Lara looked out the far window. The air was heavy, a darkness shimmering behind the clouds. She felt cloaked in a blanket of fate, never so aware of time, its passing, the ticking away of existence. Treading carefully around the fragments of her former carriage clock that lay strewn about the wooden floor of her study, she stood by the mantle and leant it her weight. The incessant beat, counting away the minutes, striking the seconds from the permanent record – it had to stop.

She’d been here before. How many times had she been here before? It was as if she were stuck in a loop, her life revolving around and around, the same sequence, never ending, never changing. And she knew she was going to go around again. But this time, this time… time. An angry kick scattered the clock’s innards further across the floor.

It was the usual deal: an artefact had been discovered, and she would inevitably have to travel around the world finding whatever it was that was needed to retrieve it, build it, destroy it, whatever. She was so sick of it all. Oh /that/ irony – the irony of so desperately wanting this circle to come to an end, but the fear that pulsed through her at the uncanny awareness that it would.

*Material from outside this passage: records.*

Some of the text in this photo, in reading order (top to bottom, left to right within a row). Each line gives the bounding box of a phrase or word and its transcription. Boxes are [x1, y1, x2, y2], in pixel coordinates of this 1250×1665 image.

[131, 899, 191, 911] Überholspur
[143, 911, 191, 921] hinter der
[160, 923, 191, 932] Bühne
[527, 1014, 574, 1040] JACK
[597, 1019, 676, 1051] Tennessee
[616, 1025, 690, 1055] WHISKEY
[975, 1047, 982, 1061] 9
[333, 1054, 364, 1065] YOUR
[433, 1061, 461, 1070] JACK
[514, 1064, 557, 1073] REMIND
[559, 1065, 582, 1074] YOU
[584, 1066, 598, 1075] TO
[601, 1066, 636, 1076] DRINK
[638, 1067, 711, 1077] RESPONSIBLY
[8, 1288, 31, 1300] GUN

But she would do it. It was what she did, it was what she was for. The monotony that faced her, the similarity to the previous three expeditions, numbed the fear of the ending. She would enjoy herself! She knew that. Her adventures were always at least entertaining, if not ground-breaking. And she knew the challenges ahead would this time at least be more varied.

Time was so strange. More confused than the remains of her clock. This was to be the end, and yet… And yet there would be more. She gave the comfort of her house one final glance, and then awarded herself

76%

And The Rest

Rally Championship Xtreme, Sold Out, £5, 77%. There, is that not the fastest review you’ve ever seen? And it manages to get to the end without mentioning the spelling in “Xtreme” and all the predictable jokes that would inevitably follow. I’m above that sort of nonsense now. It should probably be added that it’s a reasonably competent rallying game, with a reasonable balance of realism and arcade, and is, well, reasonable. Let’s say, The Most Reasonable Rally Game Money Can Buy. Five pounds of money, that is.

Jagged Alliance 2 – Gold is back from the past thanks to Softkey. The budget market is a fiercely competitive one, hence why it’s met by this magazine with such a dedicated and heavyweight column, and at £10 a game this old is pushing its luck. It’s an isometric collision of TBS and RPG, and is too reminiscent of X-COM to escape constant comparison. And this is a comparison it can’t really live up to. However, if you’ve already played X-COM so many times that it’s permanently burned into your frontal lobes, haunting your dreams, invading your consciousness, make it stop, make it go away, help me, help me, then there’s certainly a reasonable amount here to keep you entertained. 79%.

Also from Softkey, at their regulation £10, comes Corsairs Gold. It’s an RTS set in the sea, but it’s just not deep enough to prevent the hull scraping horribly along the bottom, springing leaks, and just sort of sitting there looking stupid. 55%

Try the veal. Thank you and goodnight.